### Requirement
Reproduce each line below precisely. Drop the pictures.
*-*-*
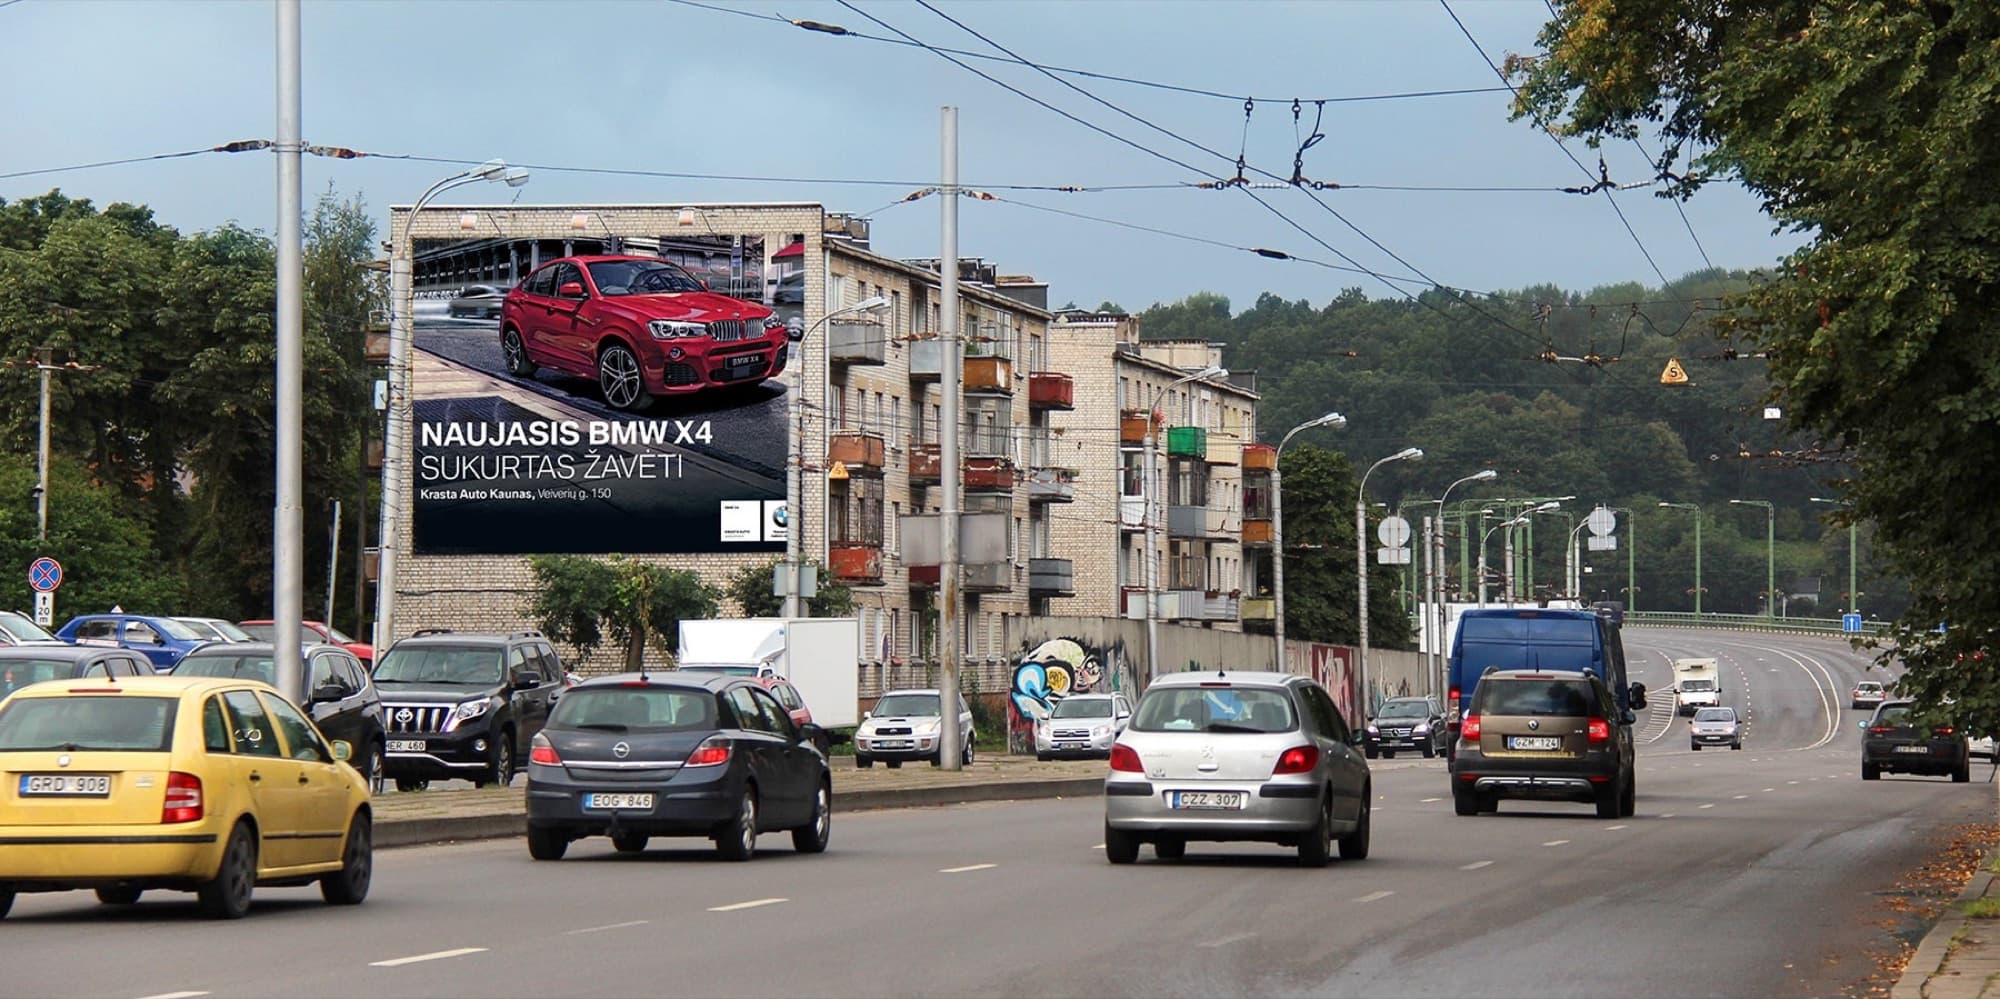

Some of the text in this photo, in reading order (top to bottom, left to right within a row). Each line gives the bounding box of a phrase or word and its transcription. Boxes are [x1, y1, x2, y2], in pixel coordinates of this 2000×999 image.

[1670, 367, 1678, 377] S
[421, 420, 713, 447] NAUJASIS BMW X4
[421, 448, 682, 480] SUKURTAS ŽAVĖTI
[421, 488, 612, 500] Krasta Auto Kaunas, Veiverių g. 150
[38, 607, 50, 616] 20
[408, 741, 424, 750] 460
[30, 777, 107, 792] GRD 908
[592, 795, 650, 807] EOG 846
[1181, 793, 1238, 805] CZZ 307
*-*-*
### Result below
Some of the text in this photo, in reading order (top to bottom, left to right within a row). Each line gives the bounding box of a phrase or word and its transcription. Boxes are [x1, y1, x2, y2], in pixel coordinates of this 2000×999 image.

[1670, 367, 1678, 377] S
[421, 420, 713, 447] NAUJASIS BMW X4
[421, 448, 682, 480] SUKURTAS ŽAVĖTI
[421, 488, 612, 500] Krasta Auto Kaunas, Veiverių g. 150
[38, 607, 50, 616] 20
[408, 741, 424, 750] 460
[30, 777, 107, 792] GRD 908
[592, 795, 650, 807] EOG 846
[1181, 793, 1238, 805] CZZ 307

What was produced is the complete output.